### Work to complete
This exercise calls for all the entries that follow to be set down exactly, without their images.
Provided records Block Start
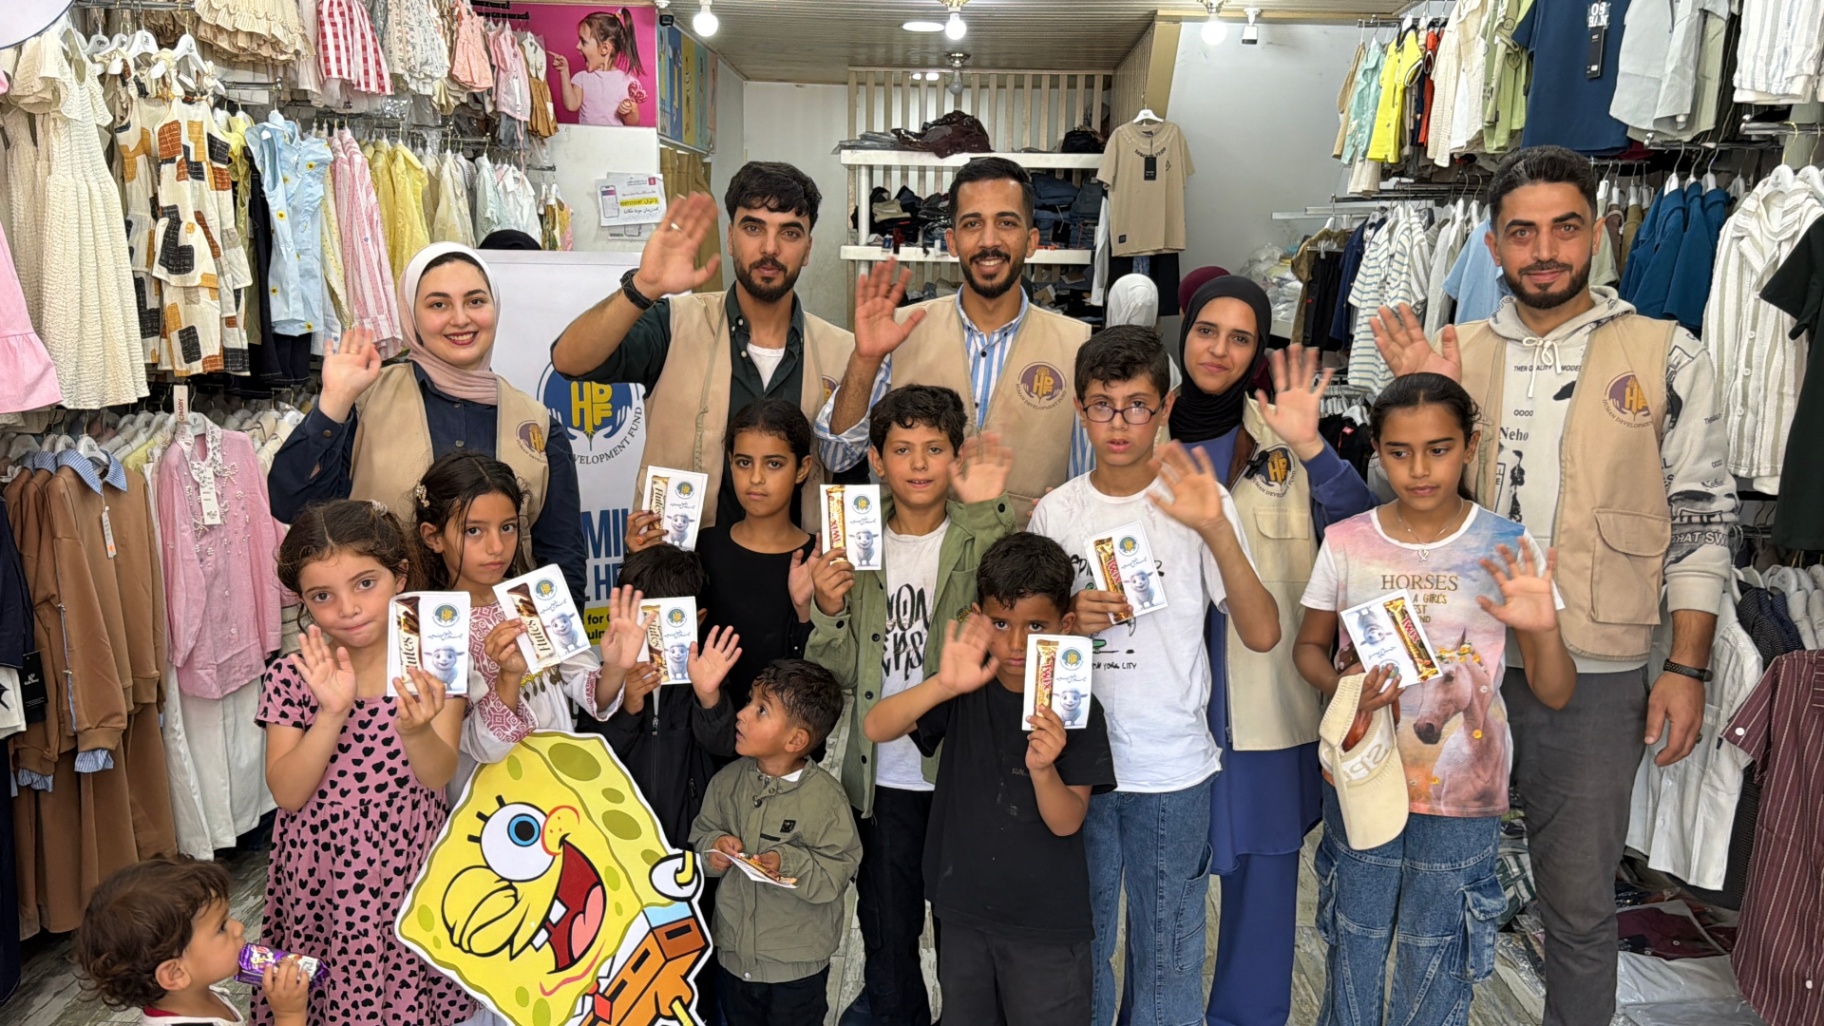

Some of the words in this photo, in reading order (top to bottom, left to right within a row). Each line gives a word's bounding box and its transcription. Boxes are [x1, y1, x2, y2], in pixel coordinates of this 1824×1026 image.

[571, 380, 613, 430] HDF
[573, 436, 631, 466] VELOPMENT
[627, 406, 643, 439] FUND
[1106, 558, 1121, 584] TWIX
[1380, 574, 1459, 592] HORSES
[1422, 593, 1447, 605] GIRL'S
[587, 614, 604, 625] for
[1401, 615, 1419, 644] TWIX
[1042, 663, 1053, 691] TWIX
[1121, 662, 1138, 670] CITY
Provided records Block End
### Task answer
Some of the words in this photo, in reading order (top to bottom, left to right within a row). Each line gives a word's bounding box and its transcription. Boxes are [x1, y1, x2, y2], in pixel coordinates of this 1824×1026 image.

[571, 380, 613, 430] HDF
[573, 436, 631, 466] VELOPMENT
[627, 406, 643, 439] FUND
[1106, 558, 1121, 584] TWIX
[1380, 574, 1459, 592] HORSES
[1422, 593, 1447, 605] GIRL'S
[587, 614, 604, 625] for
[1401, 615, 1419, 644] TWIX
[1042, 663, 1053, 691] TWIX
[1121, 662, 1138, 670] CITY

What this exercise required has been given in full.